The Greatest Generation comes Home

...I'm all alone this weekend because Rhoda went to NJ for a Bar Mitzvah...her sister's grandson, Michael. I opted out because I really do not feel like flying any longer. I think I'm flied out. I recall, now, very vividly the 11 and 12 hour flights we took from Dunkeswell, England most every day in our PB4Y (B-24) Liberators. Take-offs in a Liberator were the most sweated times especially with bombs and 2700 gallons of high-octane gasoline. The bump of the crossing runway at Dunkeswell we felt was the commit point and all eyes in the after station would be on the wing and wheels. Now, when I'm flying in a commercial aircraft at take-off, my mind wanders back to that time in my life when I lived in harm's way. It's not an easy feeling.

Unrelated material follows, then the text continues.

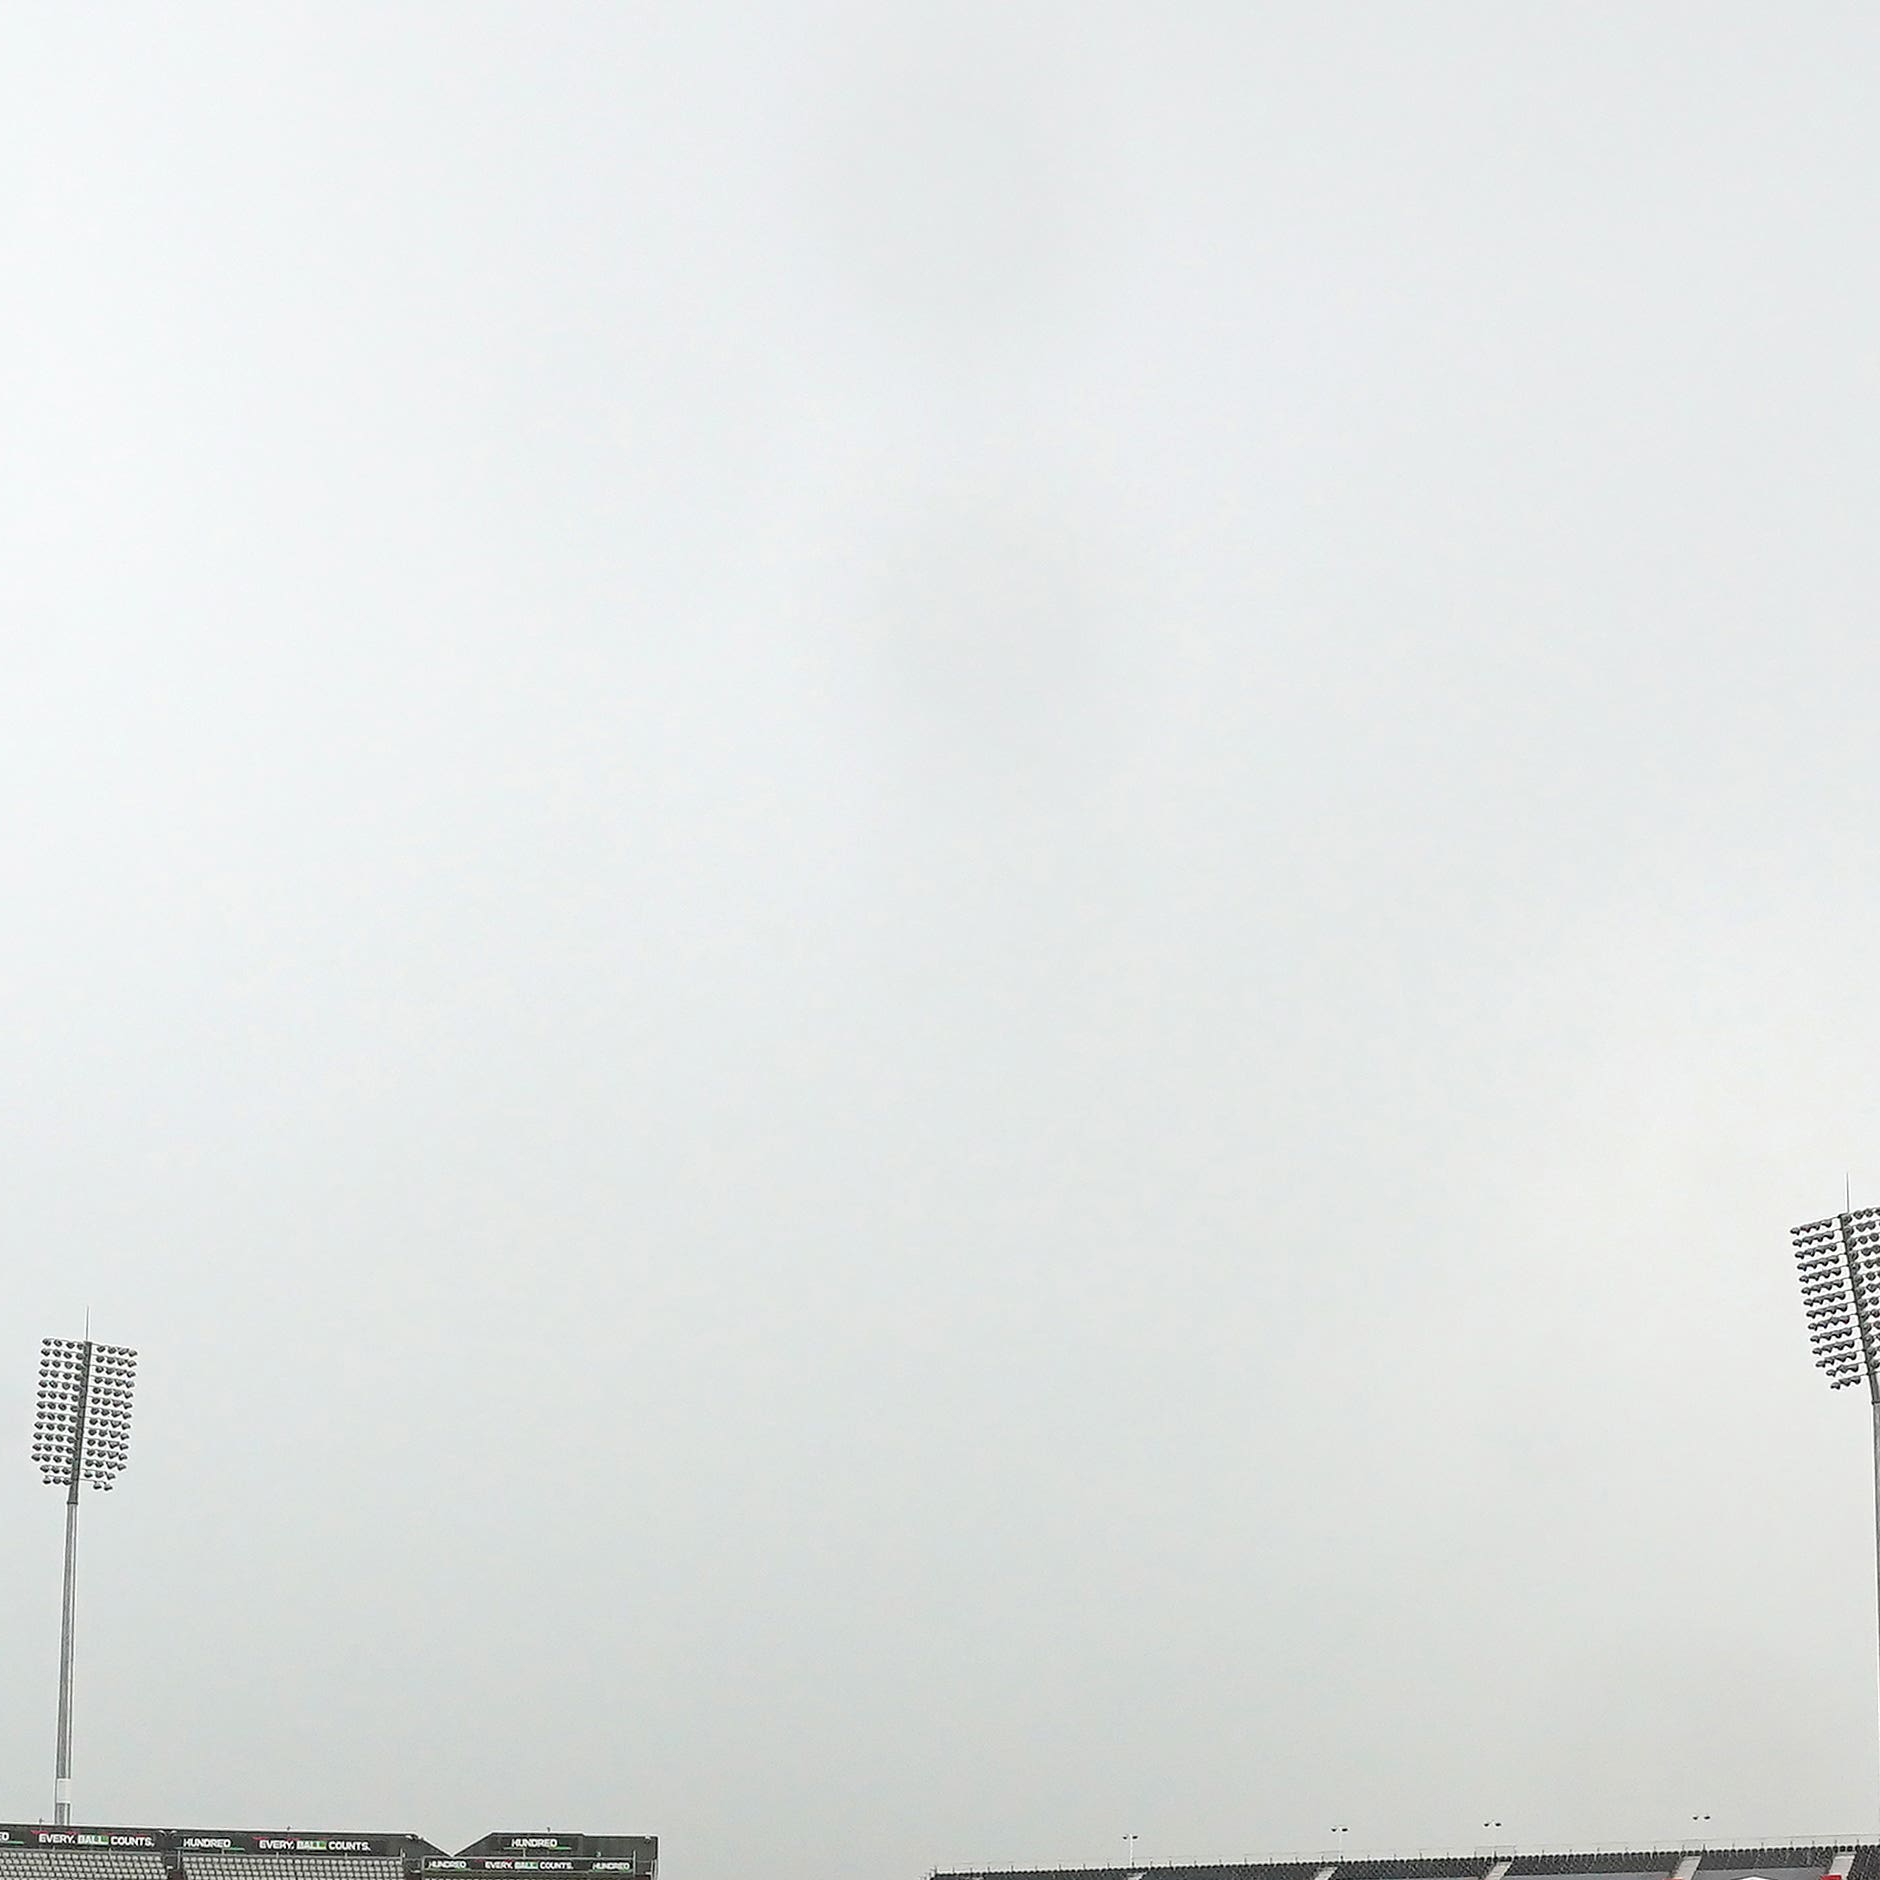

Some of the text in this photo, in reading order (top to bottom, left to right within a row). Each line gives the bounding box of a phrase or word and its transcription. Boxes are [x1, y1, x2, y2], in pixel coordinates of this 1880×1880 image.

...When you have reached the 85-year mark, you have a tendency to look back at your life, especially in the mornings after midnite when sleep eludes you. I think of the many friends I had in Fleet Air Wing 7, and how grateful I was for their warm friendship and their skills. I suppose back then was one of the high points of my life, since it exposed me to great risks. Such risks naturally hones the senses to an extremely fine point that normal life does not. Just ask any man that has traveled in "Harms Way".

...The job of U.S. Navy aircrews was to keep German U-Boats from successfully operating in the Bay of Biscay, the English Channel and the North Sea by going out day after day, often in miserable weather conditions, on unrelenting search and destroy missions. Between 1943 and 1945 nearly 200 Navy Liberator personnel serving with FAW-7 were killed in either operational accidents or in combat. Death often came quickly for a PB4Y-1 crew. On several occasions, while taking off, or returning to base, a plane would slam into the ground with a full load of fuel and bombs, disintegrating in a colossal ball of fire and sending fragments of the plane and its occupants across the ground. On one occasion my crew and I experienced a crash on take-off. One of the wheels collapsed. Fortunately, we all escaped before the plane was destroyed. The result of that event was a week's leave to London--and a scarred remembrance.

...Anti-submarine patrols typically required the aircraft to fly at altitudes ranging from 800 to 1000 feet as the onboard radar and the eyes of the aircrew scanned the waters below for signs of the enemy. Therefore, flying a PB4Y-1 at such low altitudes placed the ten men on board in a highly vulnerable position. Mortal damage to the plane caused by enemy fighters or accurate anti-aircraft fire from a U-Boat or land based guns didn't give the crew much of a chance to bail out or radio for help as their stricken craft plummeted towards the sea. I suppose that during--or after one of these missions, I must have done something to merit the award of one Distinguished Flying Cross--but I can't remember what it was.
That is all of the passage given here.